Mr Karzai told Japanese news agency Kyodo News in an interview that the Taliban’s de facto government of Afghanistan should not be eliminated through conflict and the international community should work towards an inclusive government.
“We don’t want conflict in this country anymore. Conflict will make things even worse than they are today,” Karzai told Kyodo News in an interview at his residence in Afghanistan’s capital Kabul.
“We don’t want a collapse of the regime or split of the regime. We have had enough of that in Afghanistan. We want improvements in policy. We want all Afghans getting together to build the future,” he said.
The publication of the interview on November 28 has provoked a strong response from among Afghan women.

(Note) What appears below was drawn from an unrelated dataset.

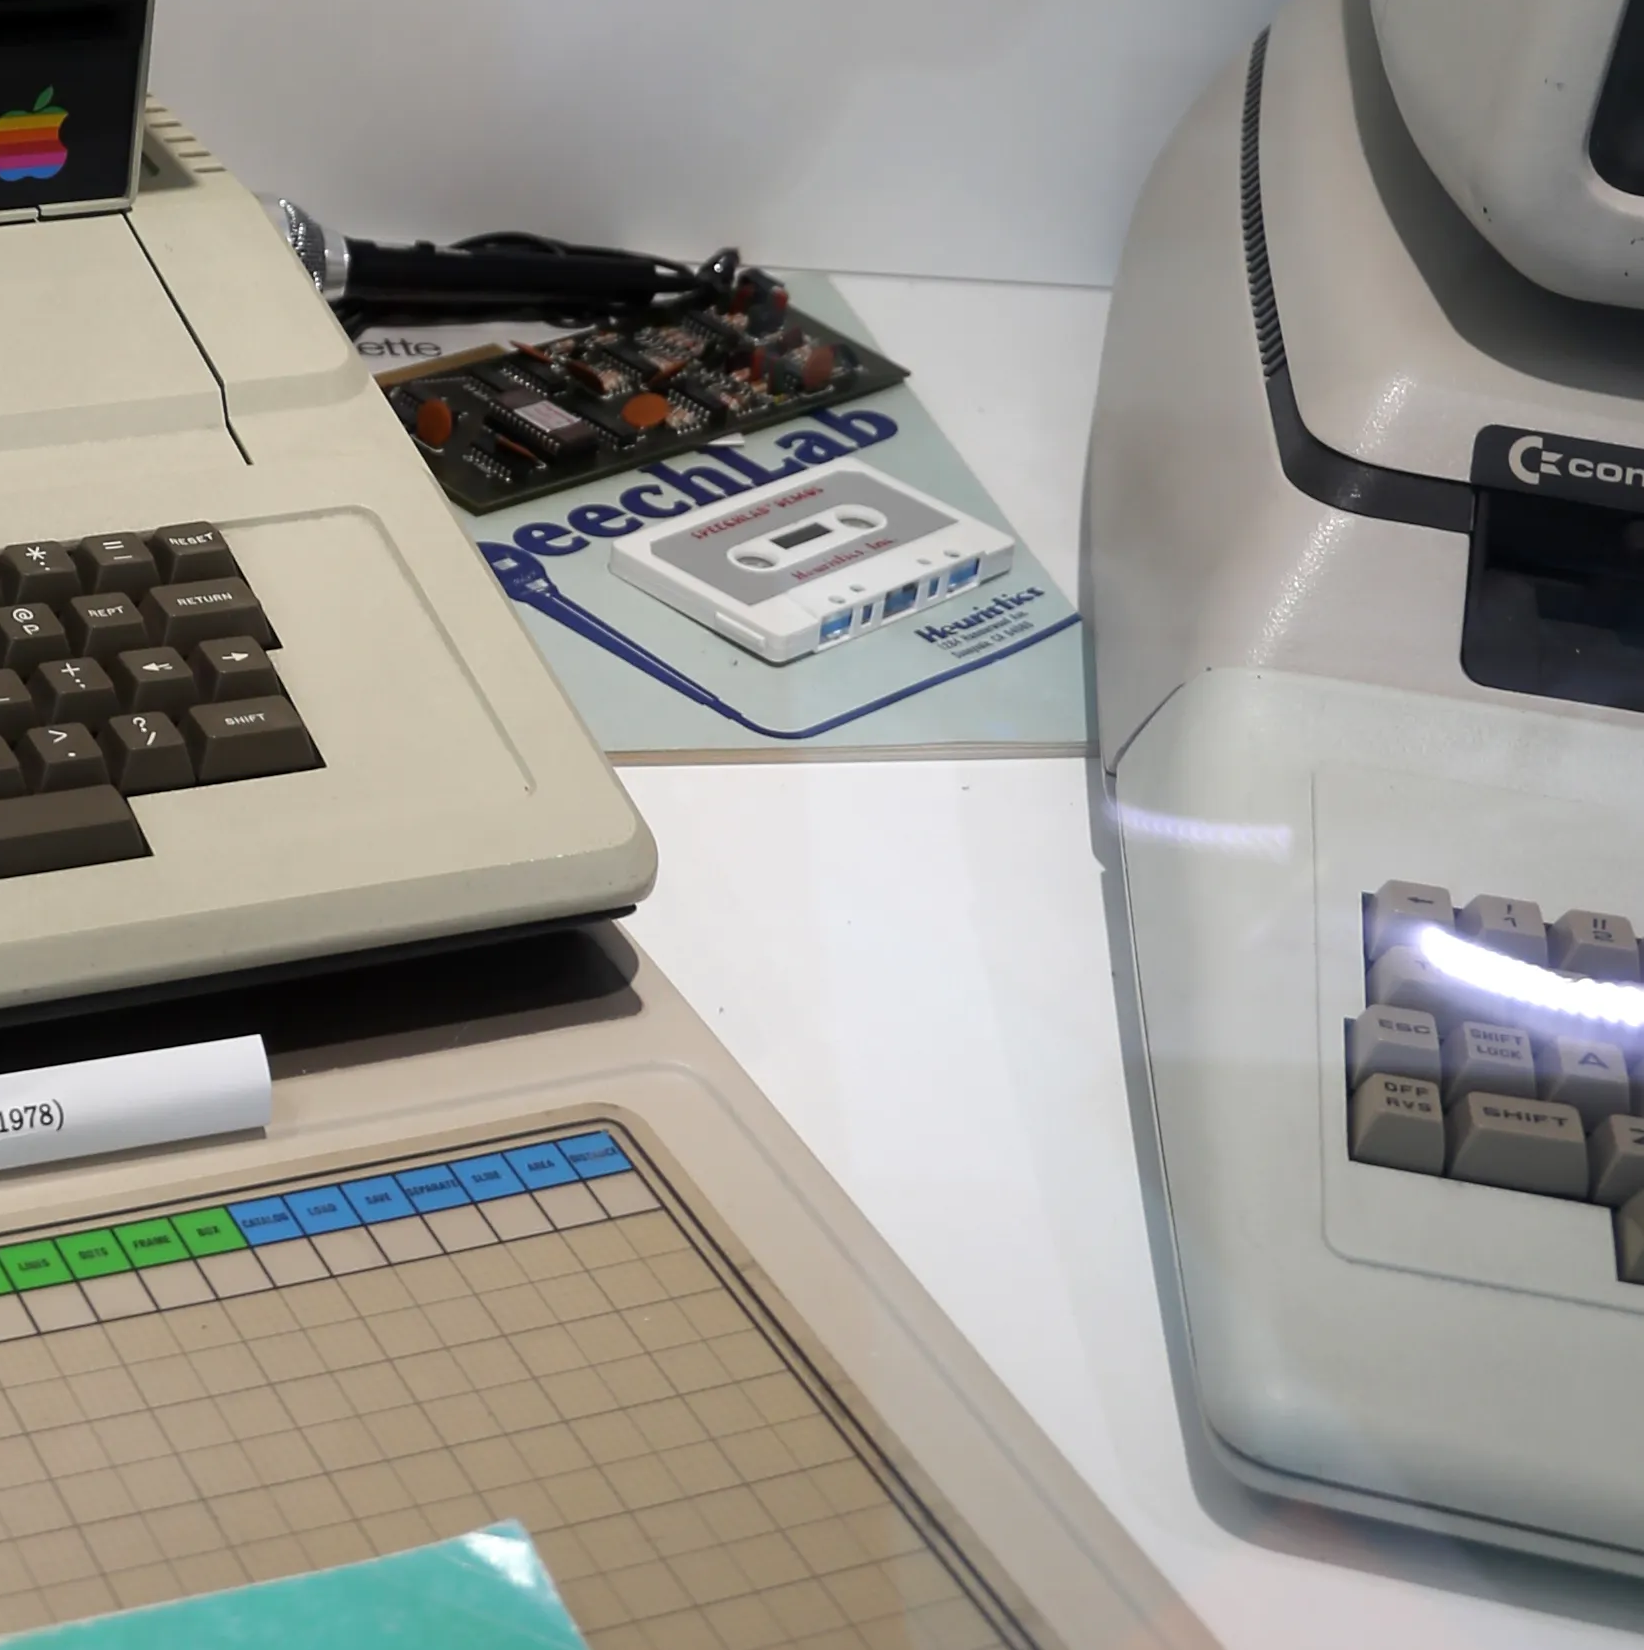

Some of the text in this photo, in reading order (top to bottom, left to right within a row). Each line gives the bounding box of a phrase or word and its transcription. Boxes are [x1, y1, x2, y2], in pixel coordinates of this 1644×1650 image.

“Mr Karzai’s words were disappointing; Mr Karzai has supported the Taliban many times openly, and secretly during his administration, every crime committed by the Taliban, he treated them with pity and kindness and called them ‘brothers’,”women’s rights activist Tahira Naseri told Rukhshana Media.
“Even though he sees that women and girls in Afghanistan are deprived of all their human and citizenship rights and privileges, and the Taliban has completely removed women from all fields in Afghanistan with their fundamentalist ideology, he still supports them.”
Mrs Naseri said the international community shouldn’t support the Taliban in power but instead continue to recognize it as a terrorist group that has imposed “great suffering” on Afghan people throughout history, and to refrain from interacting with them.
She called on the international community to provide the basis for Afghanistan’s government to be based on the will of the people so that its citizens can achieve “real peace and tranquility”.
Women’s rights activist and head of Purple Saturdays Movement Maryam Maruf Arwin also rejected Mr Karzai’s depiction of the Taliban as ‘brothers’, pointing to its history of attacks including setting girls’ schools on fire, bombing mosques and public places, and killing and maiming Afghan citizens across the country.
Mrs Arwin said that Mr Karzai has closed his eyes to all the crimes the authoritarian group has committed while in power in the past two years, with tyrannical and brutal use of force to silence women and gain legitimacy.
She said the people of Afghanistan should resolve their challenges based on today’s norms of governance and focus on bringing forward an alternative to the Taliban that is democratic and decentralized.
Hamid Karzai was president of Afghanistan from 2022 to 2014. After the Taliban took control of the country in 2021, he remained in Kabul with his family.